従業員エンゲージメントとは? 構成要素や向上させるメリット、高める施策を紹介

 2021.08.24  2024.02.01

終身雇用制度が崩壊し、人材の流動化が進んだ現在、優秀な人材を企業に定着させるために重要な要素として従業員エンゲージメントが注目を集めています。本記事では、従業員エンゲージメントとは何か、その概要や向上させるメリット、具体的な施策などをわかりやすく解説します。

従業員エンゲージメントとは|言葉の定義について解説

「従業員エンゲージメント」とは、従業員が自分の仕事に対して感じる熱意や献身の度合いを表すビジネスマネジメント用語です。Engagementという英語は、「契約」や「制約」などと訳されますが、ここでは「深い絆で結ばれている関係性」といったニュアンスを強く持ちます。

従業員エンゲージメントの概念はやや曖昧で、細かい定義については各企業が独自に行うことが必要です。ただし、大まかな特徴としては以下のようなことが挙げられます。

まず、従業員エンゲージメントが高い従業員は、職場や職務、同僚、自社の企業文化などに対してポジティブな感情的つながりを持ち、「自社に貢献したい」という強いモチベーションを自発的に抱くのが特徴です。そして、企業の成功と自分の幸福感がコミットするような、高い共感性を企業に対して抱いています。多少古びた言葉に置き換えれば、「愛社精神」という概念と似ています。

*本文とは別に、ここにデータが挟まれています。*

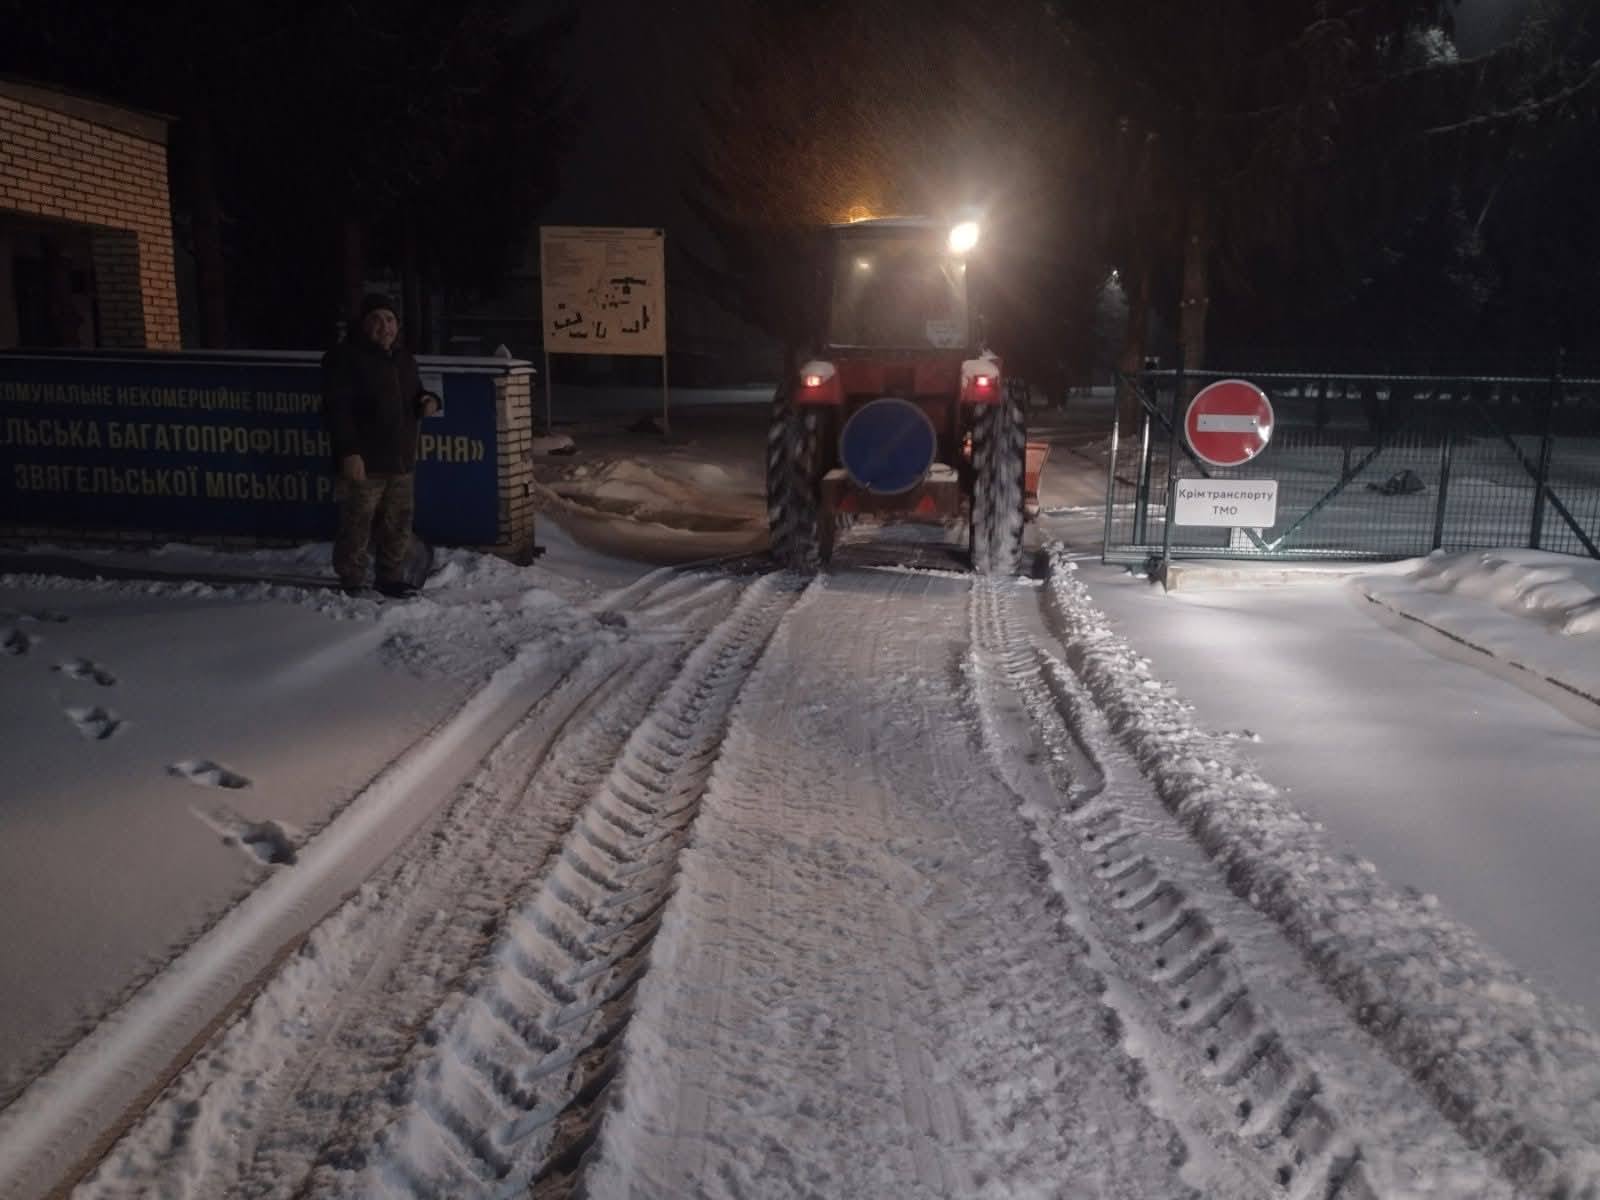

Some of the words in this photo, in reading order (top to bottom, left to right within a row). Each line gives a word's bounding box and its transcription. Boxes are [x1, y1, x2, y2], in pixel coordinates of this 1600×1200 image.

また、従業員エンゲージメントは、人材を資本として捉える「人的資本経営」の構成要素でもあります。人的資本経営とは、人材への積極的な投資を通して企業価値の向上を狙う経営手法です。従業員エンゲージメントは、人的資本経営の状況を示す重要な評価指標であるとされており、多くの上場企業がその調査結果を公表しています。

従業員エンゲージメントと従業員満足度との違い

従業員満足度との違いは主に、従業員が自社や仕事に対して持つ貢献意欲の有無にあります。

従業員満足度とは、従業員が自社や仕事、待遇、人間関係などにどの程度満足しているかを単純に示す指標です。ここには「楽な仕事だから満足」というケースも含まれるため、必ずしも従業員の貢献意欲を反映しているとは限りません。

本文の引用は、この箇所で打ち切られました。